**WHAT THE EXERCISE ASKS**: As you print the data below, keep every line exactly as it is and leave the images behind.

*** PROVIDED RECORDS

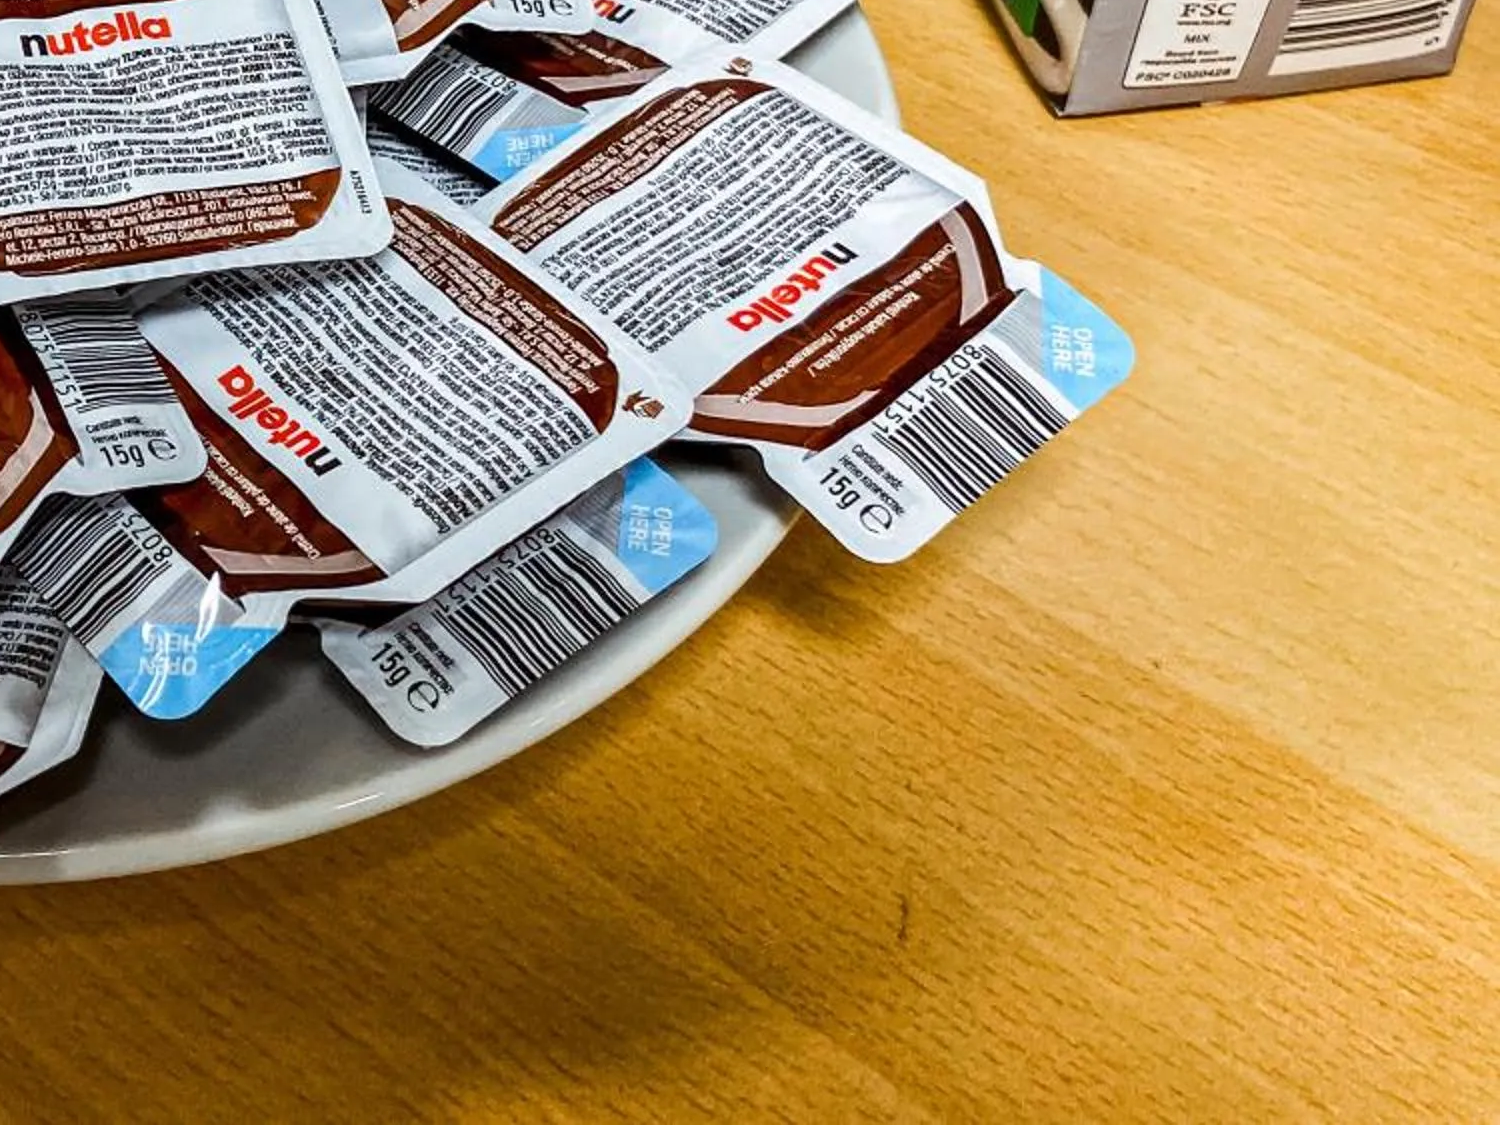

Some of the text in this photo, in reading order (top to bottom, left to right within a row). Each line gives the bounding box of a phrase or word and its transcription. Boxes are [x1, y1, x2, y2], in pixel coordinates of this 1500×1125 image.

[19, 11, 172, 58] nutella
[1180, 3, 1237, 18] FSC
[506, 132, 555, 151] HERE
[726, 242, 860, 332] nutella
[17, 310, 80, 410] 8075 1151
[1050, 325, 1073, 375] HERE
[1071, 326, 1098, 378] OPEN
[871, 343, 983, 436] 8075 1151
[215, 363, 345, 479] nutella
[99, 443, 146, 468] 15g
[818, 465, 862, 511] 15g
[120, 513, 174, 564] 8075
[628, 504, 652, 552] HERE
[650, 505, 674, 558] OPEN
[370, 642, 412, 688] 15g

******

**EXERCISE OUTPUT**:
Some of the text in this photo, in reading order (top to bottom, left to right within a row). Each line gives the bounding box of a phrase or word and its transcription. Boxes are [x1, y1, x2, y2], in pixel coordinates of this 1500×1125 image.

[19, 11, 172, 58] nutella
[1180, 3, 1237, 18] FSC
[506, 132, 555, 151] HERE
[726, 242, 860, 332] nutella
[17, 310, 80, 410] 8075 1151
[1050, 325, 1073, 375] HERE
[1071, 326, 1098, 378] OPEN
[871, 343, 983, 436] 8075 1151
[215, 363, 345, 479] nutella
[99, 443, 146, 468] 15g
[818, 465, 862, 511] 15g
[120, 513, 174, 564] 8075
[628, 504, 652, 552] HERE
[650, 505, 674, 558] OPEN
[370, 642, 412, 688] 15g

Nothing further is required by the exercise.